> **GIVEN DATA**
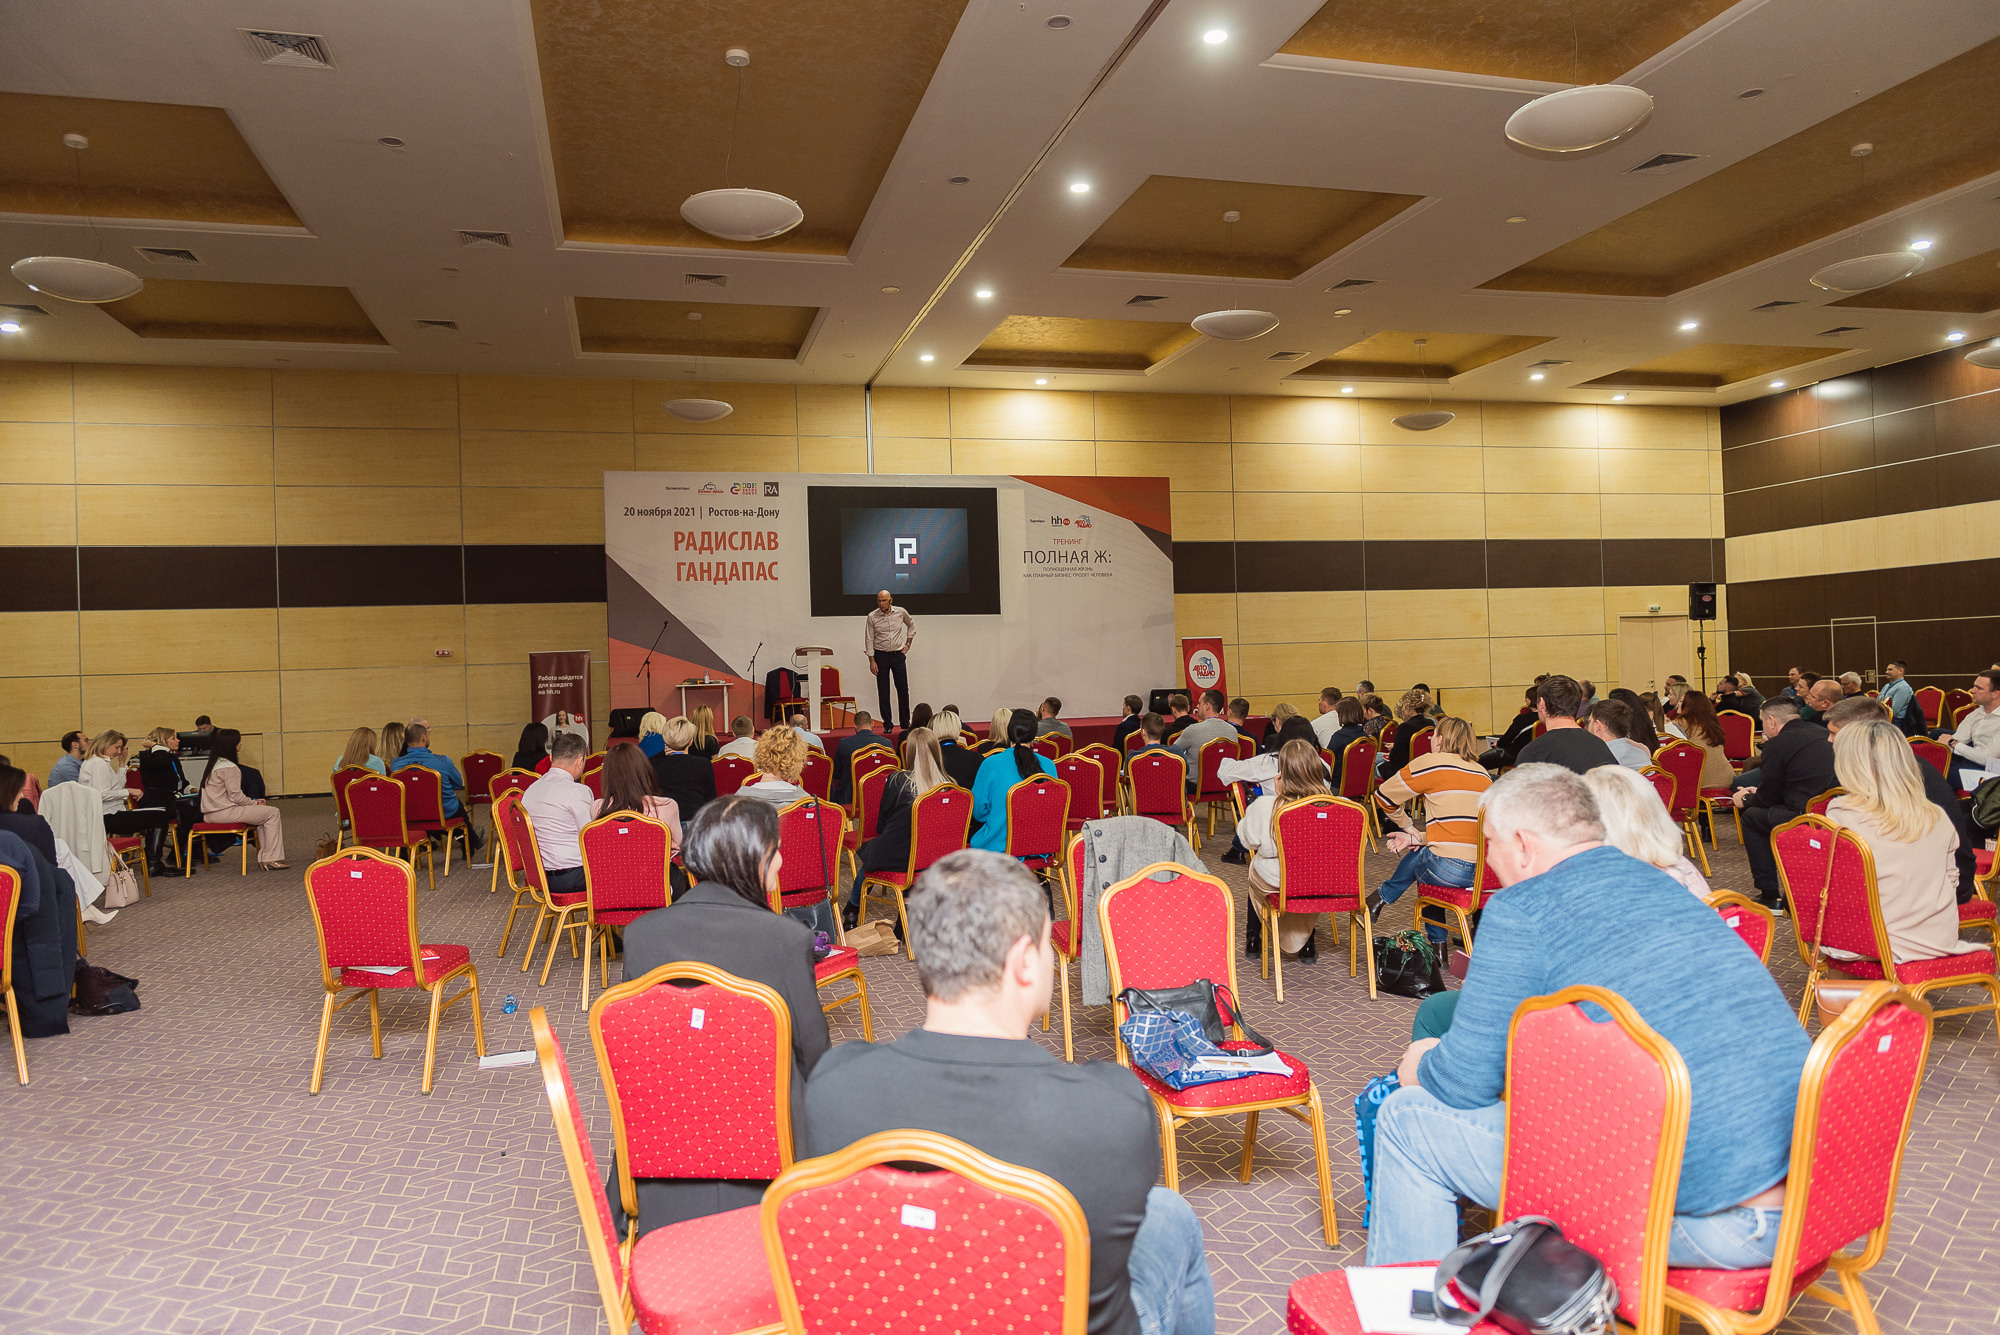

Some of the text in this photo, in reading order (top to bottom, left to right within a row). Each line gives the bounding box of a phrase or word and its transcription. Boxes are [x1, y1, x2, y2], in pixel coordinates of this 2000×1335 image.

[623, 507, 780, 519] 20 ноября 2021 Ростов-на-Дону
[1051, 515, 1062, 524] hh
[673, 531, 779, 555] РАДИСЛАВ
[1023, 550, 1112, 563] ПОЛНАЯ Ж:
[676, 561, 778, 585] ГАНДАПАС
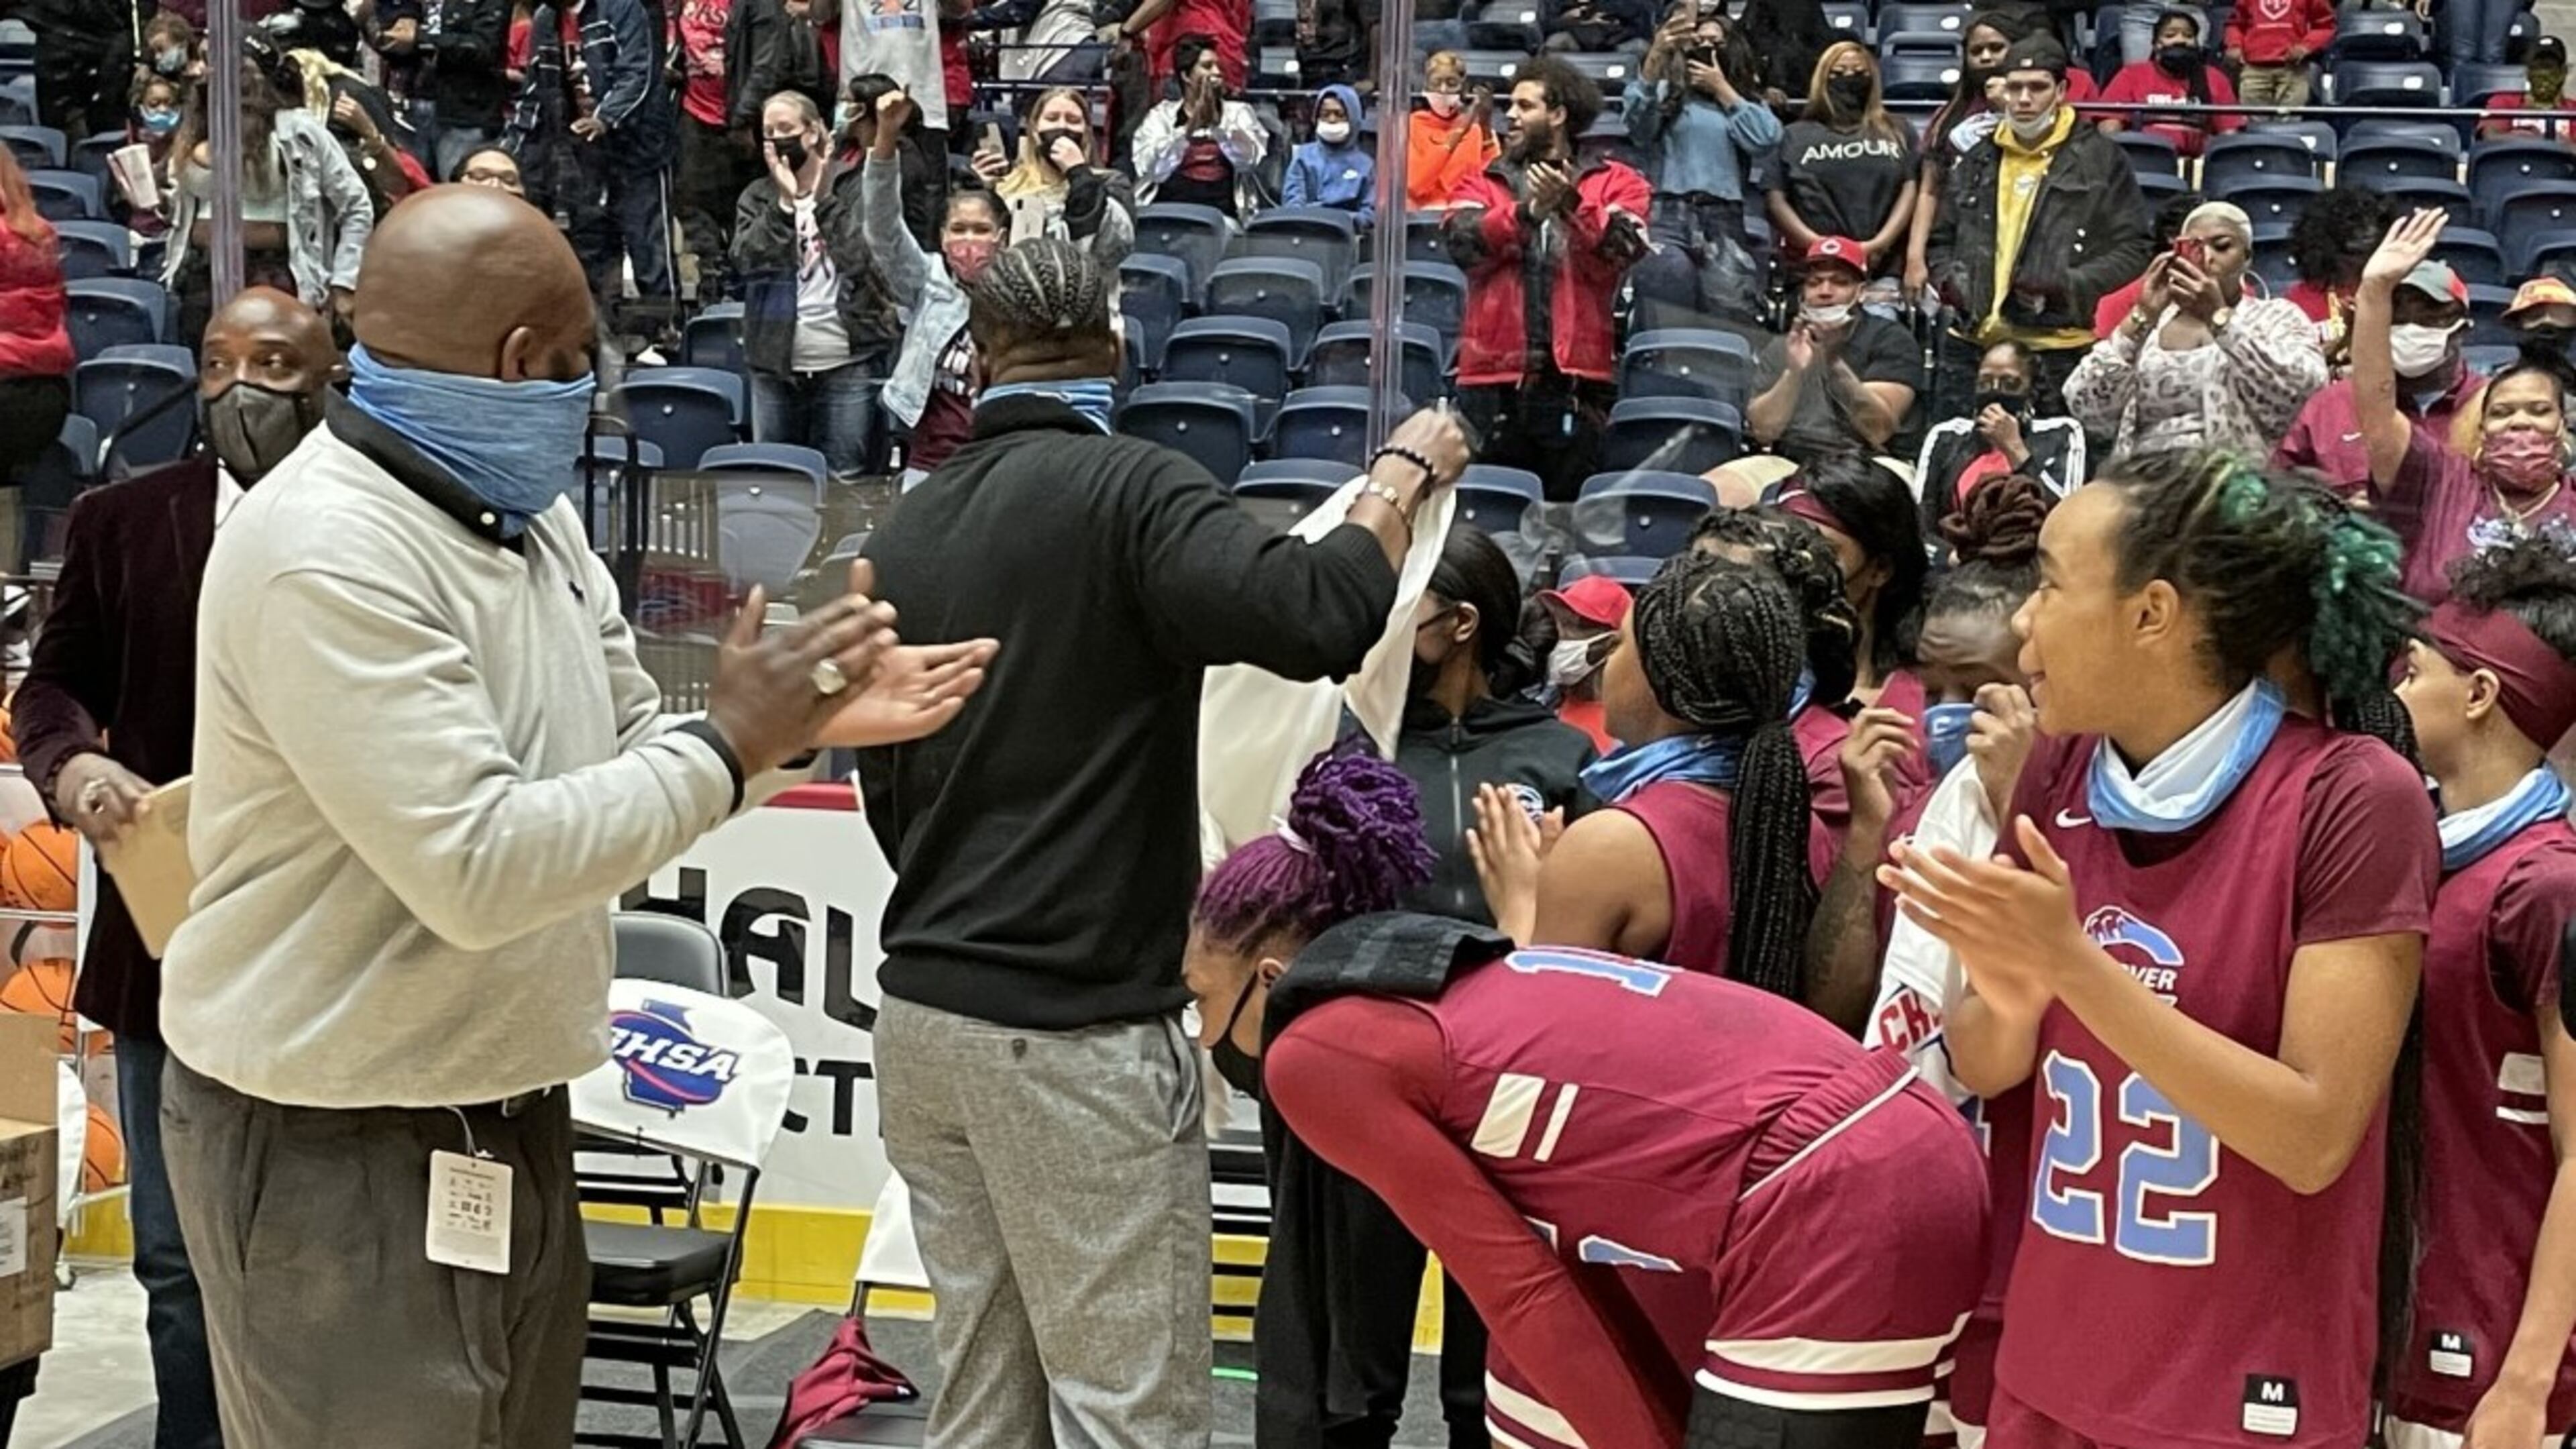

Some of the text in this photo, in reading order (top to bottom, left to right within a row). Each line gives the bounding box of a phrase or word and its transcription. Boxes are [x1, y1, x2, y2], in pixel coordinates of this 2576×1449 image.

> **TRY IT**
Set the listing down again exactly, skipping each picture.

> **RESPONSE TO THE TASK**
Some of the text in this photo, in reading order (top to bottom, left to right within a row). Each line gives the bounding box of a phrase or word and its transcription. Boxes are [x1, y1, x2, y2], in pixel coordinates of this 2000×1335 image.

[623, 507, 780, 519] 20 ноября 2021 Ростов-на-Дону
[1051, 515, 1062, 524] hh
[673, 531, 779, 555] РАДИСЛАВ
[1023, 550, 1112, 563] ПОЛНАЯ Ж:
[676, 561, 778, 585] ГАНДАПАС

Some of the text in this photo, in reading order (top to bottom, left to right within a row). Each line gives the bounding box of a phrase or word and its transcription. Boxes are [x1, y1, x2, y2], in pixel coordinates of this 2576×1449 image.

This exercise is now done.